Community-centered treatment is an approach that builds on the premise of family-focused treatment: Children who receive treatment for stuttering have better outcomes when their parents are active in their treatment. And if the entire family is involved in learning about stuttering and strategies that facilitate children's fluency, the child may achieve even better results.

In 2006, I explored this approach with Scott Yaruss and David Hammer in a study published in Language, Speech, and Hearing Services in Schools. The approach includes parent education sessions, parent-child modeling sessions and more direct treatment, if indicated.

But what if we expanded treatment involvement to include not just family members, but others in the child's life as well? Would a community-centered treatment program help a child even more? In my work with young children who stutter, my goal is to do exactly that, with a community-centered program that:

  • Provides education on stuttering to parents, family members and others in the community.
  • Targets increased fluency, improved communication and positive reactions for the child who stutters.
  • Incorporates siblings and peers into the treatment process.
  • Targets generalization and maintenance through home-based activities, follow-up sessions and telepractice.

Each of the community-centered treatment program's four phases targets one of these goals.

Phase I: Education

Educating family members begins immediately, at the diagnostic session. This allows parents to implement changes at home right away, rather than waiting until the treatment phase formally begins.

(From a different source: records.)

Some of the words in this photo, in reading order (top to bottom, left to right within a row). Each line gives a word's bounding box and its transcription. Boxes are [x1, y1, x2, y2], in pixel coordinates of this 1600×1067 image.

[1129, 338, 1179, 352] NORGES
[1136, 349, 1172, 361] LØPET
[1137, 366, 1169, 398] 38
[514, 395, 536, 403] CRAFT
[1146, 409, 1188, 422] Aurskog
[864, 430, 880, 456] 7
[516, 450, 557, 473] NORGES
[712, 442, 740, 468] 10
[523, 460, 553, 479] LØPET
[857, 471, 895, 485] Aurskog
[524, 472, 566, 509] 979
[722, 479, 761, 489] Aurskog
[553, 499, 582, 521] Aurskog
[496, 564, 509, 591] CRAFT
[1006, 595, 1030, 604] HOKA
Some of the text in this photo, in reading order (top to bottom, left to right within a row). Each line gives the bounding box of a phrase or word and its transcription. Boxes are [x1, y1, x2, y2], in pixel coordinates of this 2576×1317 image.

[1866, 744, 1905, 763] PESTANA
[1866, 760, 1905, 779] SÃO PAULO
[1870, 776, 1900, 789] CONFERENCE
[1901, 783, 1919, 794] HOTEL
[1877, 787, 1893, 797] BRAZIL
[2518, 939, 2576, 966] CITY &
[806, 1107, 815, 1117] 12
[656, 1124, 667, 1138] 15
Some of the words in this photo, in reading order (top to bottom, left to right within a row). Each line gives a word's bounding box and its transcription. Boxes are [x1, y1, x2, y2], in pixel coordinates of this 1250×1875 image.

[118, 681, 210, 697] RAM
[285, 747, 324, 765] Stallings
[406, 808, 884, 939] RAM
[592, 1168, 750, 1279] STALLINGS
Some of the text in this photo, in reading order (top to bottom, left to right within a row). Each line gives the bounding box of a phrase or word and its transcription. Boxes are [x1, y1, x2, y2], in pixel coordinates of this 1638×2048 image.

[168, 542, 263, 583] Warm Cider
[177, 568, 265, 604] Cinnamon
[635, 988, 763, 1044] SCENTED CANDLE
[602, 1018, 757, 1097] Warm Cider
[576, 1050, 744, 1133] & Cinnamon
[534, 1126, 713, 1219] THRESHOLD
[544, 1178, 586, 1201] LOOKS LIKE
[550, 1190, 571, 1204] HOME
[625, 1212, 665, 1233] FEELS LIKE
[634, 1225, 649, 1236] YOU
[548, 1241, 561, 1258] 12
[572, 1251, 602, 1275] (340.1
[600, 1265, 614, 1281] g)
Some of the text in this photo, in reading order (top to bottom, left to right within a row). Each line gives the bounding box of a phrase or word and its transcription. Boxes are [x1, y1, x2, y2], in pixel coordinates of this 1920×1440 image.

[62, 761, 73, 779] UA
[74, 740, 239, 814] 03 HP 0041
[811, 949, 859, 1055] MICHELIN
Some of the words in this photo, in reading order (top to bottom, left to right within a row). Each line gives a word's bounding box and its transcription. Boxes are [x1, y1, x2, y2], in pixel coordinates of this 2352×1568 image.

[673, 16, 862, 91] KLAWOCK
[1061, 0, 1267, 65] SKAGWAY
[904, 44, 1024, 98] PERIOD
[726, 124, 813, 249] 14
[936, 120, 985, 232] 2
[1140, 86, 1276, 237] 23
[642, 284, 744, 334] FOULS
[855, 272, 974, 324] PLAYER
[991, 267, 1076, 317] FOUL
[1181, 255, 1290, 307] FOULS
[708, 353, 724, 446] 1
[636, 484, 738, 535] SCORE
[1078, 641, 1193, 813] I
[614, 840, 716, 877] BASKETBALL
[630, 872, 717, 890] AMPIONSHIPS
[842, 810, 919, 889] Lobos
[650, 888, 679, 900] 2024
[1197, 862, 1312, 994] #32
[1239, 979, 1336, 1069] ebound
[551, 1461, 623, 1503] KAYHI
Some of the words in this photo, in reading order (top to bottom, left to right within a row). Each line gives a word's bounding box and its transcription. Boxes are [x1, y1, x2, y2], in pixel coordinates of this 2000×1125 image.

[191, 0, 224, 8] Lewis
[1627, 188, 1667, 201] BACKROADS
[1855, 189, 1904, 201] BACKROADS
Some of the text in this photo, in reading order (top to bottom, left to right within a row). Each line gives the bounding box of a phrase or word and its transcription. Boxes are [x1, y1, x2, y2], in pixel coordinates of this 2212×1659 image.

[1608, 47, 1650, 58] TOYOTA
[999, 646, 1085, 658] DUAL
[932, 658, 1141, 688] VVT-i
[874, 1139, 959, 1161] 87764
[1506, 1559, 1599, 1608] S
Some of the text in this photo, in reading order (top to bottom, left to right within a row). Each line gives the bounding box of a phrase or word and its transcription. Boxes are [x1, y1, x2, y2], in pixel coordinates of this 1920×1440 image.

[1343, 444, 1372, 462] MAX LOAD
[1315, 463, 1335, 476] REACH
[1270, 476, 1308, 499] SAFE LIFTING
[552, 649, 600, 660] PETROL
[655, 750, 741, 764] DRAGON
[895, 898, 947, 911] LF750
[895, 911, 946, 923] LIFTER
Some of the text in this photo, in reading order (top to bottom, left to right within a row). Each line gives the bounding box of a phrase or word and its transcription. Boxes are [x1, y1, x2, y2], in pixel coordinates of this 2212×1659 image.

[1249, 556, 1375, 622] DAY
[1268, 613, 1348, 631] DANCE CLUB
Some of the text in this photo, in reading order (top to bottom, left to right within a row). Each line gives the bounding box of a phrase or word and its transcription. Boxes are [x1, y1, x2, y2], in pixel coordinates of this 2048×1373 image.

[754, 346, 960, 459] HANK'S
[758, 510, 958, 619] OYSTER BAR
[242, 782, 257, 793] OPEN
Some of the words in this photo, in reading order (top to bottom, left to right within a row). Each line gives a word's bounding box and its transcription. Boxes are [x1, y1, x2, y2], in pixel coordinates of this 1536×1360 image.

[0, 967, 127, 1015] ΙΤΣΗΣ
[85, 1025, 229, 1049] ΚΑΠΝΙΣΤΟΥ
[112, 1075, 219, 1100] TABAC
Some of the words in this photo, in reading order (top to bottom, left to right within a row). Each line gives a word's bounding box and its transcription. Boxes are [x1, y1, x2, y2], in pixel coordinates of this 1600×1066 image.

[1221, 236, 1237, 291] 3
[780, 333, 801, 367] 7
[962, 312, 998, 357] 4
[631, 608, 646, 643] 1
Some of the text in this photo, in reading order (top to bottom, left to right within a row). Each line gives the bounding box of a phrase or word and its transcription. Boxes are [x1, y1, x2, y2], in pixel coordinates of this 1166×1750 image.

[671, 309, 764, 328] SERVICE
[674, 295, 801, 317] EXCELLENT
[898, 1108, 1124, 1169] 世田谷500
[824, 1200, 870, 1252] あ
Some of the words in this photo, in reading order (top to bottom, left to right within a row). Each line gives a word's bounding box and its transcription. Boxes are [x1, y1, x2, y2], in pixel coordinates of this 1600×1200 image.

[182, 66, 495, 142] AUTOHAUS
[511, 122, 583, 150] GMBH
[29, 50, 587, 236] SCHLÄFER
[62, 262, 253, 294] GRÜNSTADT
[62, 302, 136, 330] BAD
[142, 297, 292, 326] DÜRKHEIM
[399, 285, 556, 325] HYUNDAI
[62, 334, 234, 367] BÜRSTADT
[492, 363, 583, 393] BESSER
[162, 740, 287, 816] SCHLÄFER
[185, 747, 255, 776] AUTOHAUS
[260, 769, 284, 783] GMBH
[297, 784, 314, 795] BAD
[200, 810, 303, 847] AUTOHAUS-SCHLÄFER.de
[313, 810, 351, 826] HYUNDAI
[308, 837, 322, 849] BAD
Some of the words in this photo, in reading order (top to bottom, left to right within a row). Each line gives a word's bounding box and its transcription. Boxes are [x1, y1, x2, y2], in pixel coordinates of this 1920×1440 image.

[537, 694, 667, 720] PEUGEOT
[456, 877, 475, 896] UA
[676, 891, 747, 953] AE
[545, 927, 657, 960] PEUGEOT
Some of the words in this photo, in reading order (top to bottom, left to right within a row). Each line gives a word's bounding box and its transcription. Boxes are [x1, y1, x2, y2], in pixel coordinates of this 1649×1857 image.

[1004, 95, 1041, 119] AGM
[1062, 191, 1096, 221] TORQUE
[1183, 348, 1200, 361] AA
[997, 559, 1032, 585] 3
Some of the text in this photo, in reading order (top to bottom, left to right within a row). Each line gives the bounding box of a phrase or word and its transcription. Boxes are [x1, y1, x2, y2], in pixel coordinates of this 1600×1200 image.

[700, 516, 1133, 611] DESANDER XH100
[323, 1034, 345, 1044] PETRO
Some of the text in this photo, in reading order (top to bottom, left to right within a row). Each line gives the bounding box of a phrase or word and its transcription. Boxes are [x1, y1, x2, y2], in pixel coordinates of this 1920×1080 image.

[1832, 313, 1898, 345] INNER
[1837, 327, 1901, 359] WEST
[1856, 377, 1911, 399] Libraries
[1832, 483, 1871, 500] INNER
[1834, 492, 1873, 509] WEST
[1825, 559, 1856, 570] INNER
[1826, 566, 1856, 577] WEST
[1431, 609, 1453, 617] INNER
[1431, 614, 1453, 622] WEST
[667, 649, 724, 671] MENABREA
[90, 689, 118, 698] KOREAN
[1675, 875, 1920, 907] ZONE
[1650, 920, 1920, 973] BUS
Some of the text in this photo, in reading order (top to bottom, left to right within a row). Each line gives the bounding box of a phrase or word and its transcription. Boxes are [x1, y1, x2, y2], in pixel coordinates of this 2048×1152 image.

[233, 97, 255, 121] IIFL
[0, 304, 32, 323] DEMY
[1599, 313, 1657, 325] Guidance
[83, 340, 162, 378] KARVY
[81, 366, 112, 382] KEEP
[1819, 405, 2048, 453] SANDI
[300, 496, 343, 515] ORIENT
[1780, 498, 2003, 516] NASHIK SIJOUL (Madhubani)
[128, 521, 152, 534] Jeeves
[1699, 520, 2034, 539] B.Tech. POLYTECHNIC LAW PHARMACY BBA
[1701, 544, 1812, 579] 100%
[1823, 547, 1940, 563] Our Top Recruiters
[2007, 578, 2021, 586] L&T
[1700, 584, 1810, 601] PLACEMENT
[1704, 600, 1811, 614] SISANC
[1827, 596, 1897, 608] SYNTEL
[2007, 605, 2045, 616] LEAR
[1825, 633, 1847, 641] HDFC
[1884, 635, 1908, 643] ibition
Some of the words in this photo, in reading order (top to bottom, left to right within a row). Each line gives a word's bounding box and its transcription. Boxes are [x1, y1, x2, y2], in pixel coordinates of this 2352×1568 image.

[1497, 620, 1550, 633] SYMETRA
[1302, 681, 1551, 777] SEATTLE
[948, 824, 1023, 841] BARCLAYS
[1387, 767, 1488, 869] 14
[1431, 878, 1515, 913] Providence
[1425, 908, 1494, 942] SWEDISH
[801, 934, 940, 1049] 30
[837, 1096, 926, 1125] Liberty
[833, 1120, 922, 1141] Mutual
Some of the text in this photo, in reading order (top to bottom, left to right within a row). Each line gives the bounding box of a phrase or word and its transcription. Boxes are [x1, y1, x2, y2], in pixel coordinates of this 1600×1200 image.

We talk about risk factors associated with stuttering (genetics, neurophysiology, other speech-language characteristics, temperament, environment, etc.), create an individual treatment plan based on the results of the child's assessment (disfluency rate, secondary behaviors, physical tension, reactions to stuttering, other speech and language areas, and overall impact on communication), and explore with parents and caregivers issues related to the communication environment and the child's overall temperament.

We ground our discussion of environmental factors and temperament in parent-identified communicative and noncommunicative stressors, as described in the family-focused treatment approach. For example, we explore whether there are frequent interruptions or competition for talking time, or if the family talks rapidly at home. We try to identify if—because of his or her temperament—a child who stutters reacts strongly to his or her disfluency. Typically, these children might have perfectionistic tendencies, be less likely to take risks and try new things, or have intense reactions to other situations.

I give parents handouts from various sources, including the National Stuttering Association and Stuttering Foundation of America, and information that I have developed with my colleagues, especially Scott Yaruss at the University of Pittsburgh. In addition, we identify others with whom the child interacts frequently, including siblings, friends, grandparents, teachers and other family members. For example, if the child spends most of his time during the week with a babysitter or grandparents, it is critical to involve them—as well as the parents—in the treatment process.

We also give parents information on communication changes they can implement at home. These changes—including slower communication rate, modified questioning, delayed response and recasting/rephrasing—are part of the family-focused treatment approach.

Although the education phase begins at the diagnostic session, it is an ongoing component throughout treatment. It's important to note that the education process is mutual: We educate parents about stuttering, and they educate us about their child and communication environment.

We don't limit education to parents. We provide information on stuttering to teachers, coaches, physicians and others to help educate all members of the child's community.

Phase II: Intervention

Next, we begin formal, direct treatment with the child, while continuing to educate the child's community and modify the communication environment. We design highly individualized treatment plans to reduce disfluencies, physical tension and secondary behaviors. We also target improved reactions to stuttering and increased communication.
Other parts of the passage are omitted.